Положение внутри партии.

Мировая обстановка не дает повода для перемены основ нашей политики. Внутренняя обстановка опирается на обстановку мировую. Главная определяющая линия в области хозяйственной и политической — это линия взаимоотношений рабочего класса и крестьянства. Основную задачу переходного периода — обеспечить союзные отношения с крестьянством — нужно решать отныне более систематическими, плановыми методами, рассчитанными на более длительный период, и в области промышленности, и в области налоговой, и в области госаппарата, и в области национальной, которая у нас означает прежде всего вопрос о взаимоотношениях между пролетарским авангардом и крестьянскими массами угнетавшихся ранее национальностей.
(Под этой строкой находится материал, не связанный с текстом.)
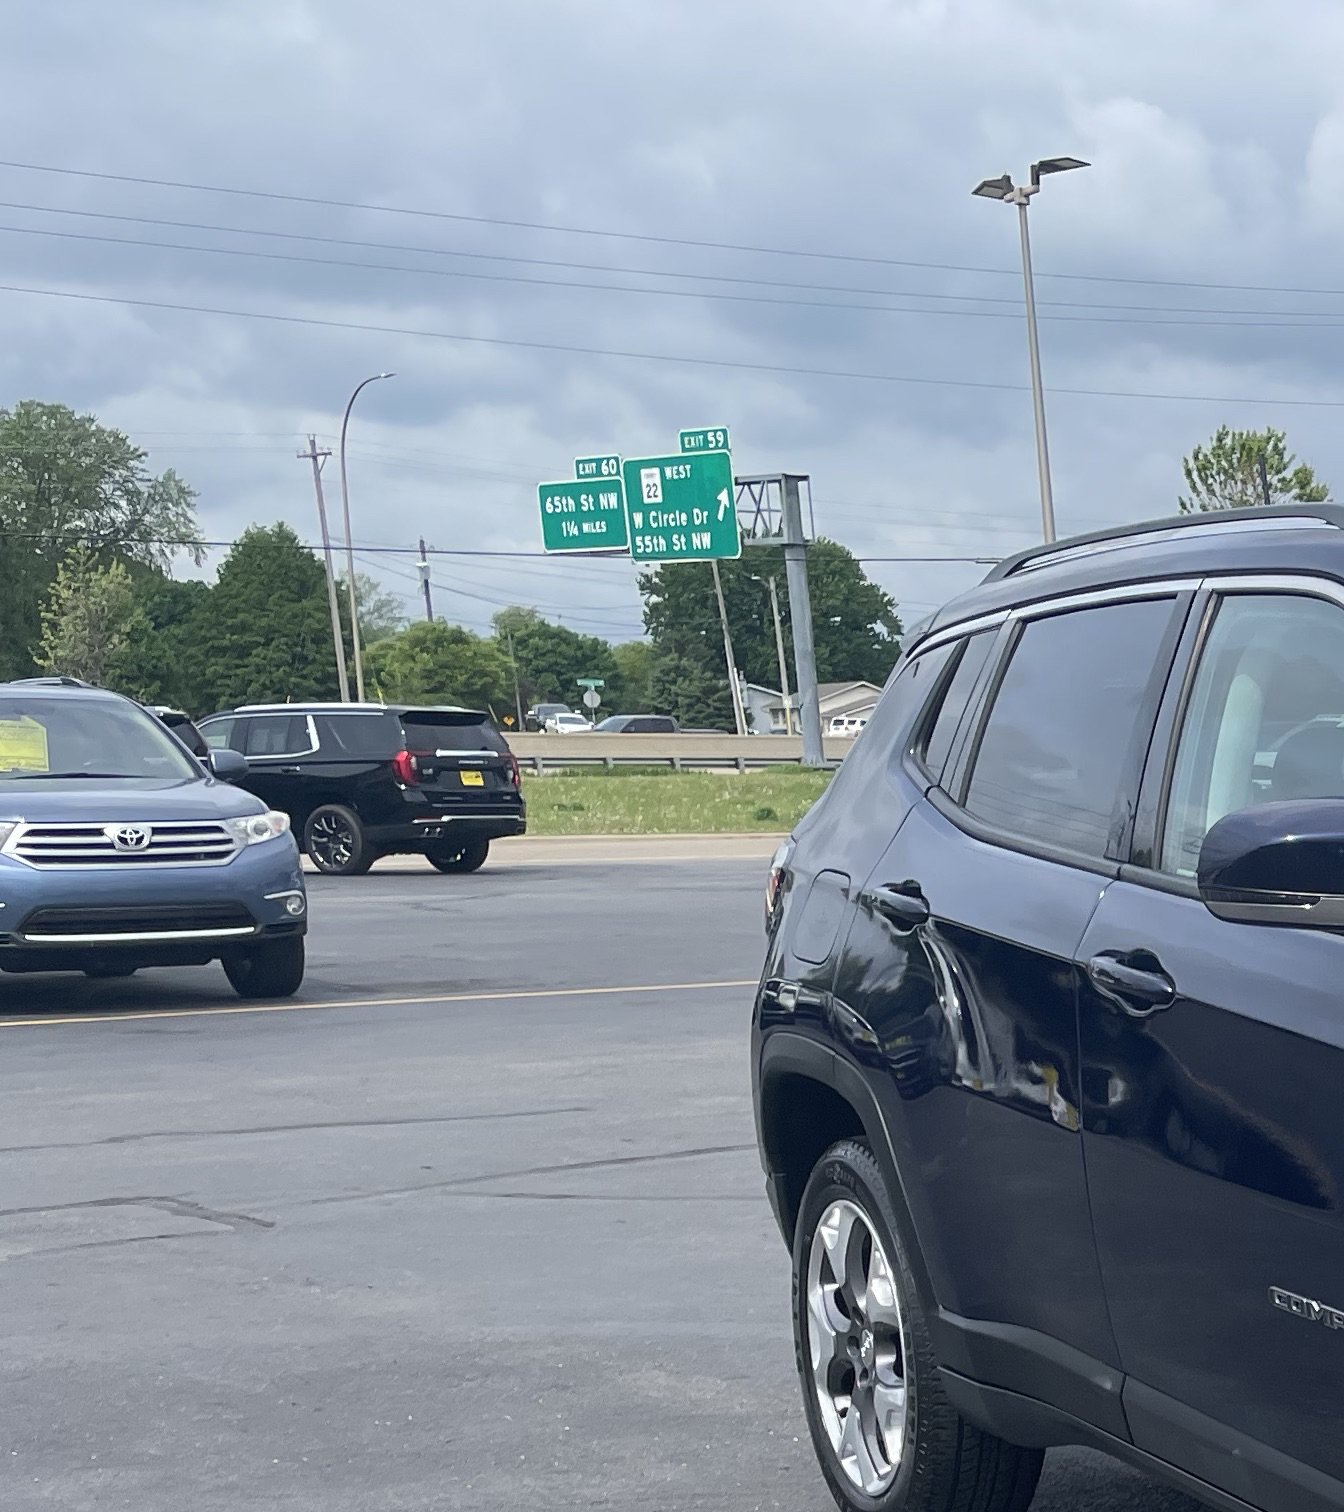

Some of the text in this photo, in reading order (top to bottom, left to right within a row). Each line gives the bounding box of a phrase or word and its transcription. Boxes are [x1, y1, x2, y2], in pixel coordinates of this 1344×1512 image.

Вся эта работа может выполняться со все возрастающим успехом, если мы будем улучшать наш государственный и в частности хозяйственный аппарат, но уже не частично, не кустарнически (этого недостаточно), а по широко задуманному плану, рассчитанному на ряд лет. Улучшать государственный аппарат нельзя только изнутри самого государственного аппарата. Улучшать его можно в первую голову через посредство правящей партии. Наша партия этим государственным аппаратом руководила первые пять лет, будет руководить и впредь со всей полнотой. Но она будет им руководить все более систематически, в соответствии с усложненными задачами, совершенствуя и упорядочивая методы своего собственного руководства и требуя такого же широкого планового упорядочения методов и подбора работников от самого государственного аппарата.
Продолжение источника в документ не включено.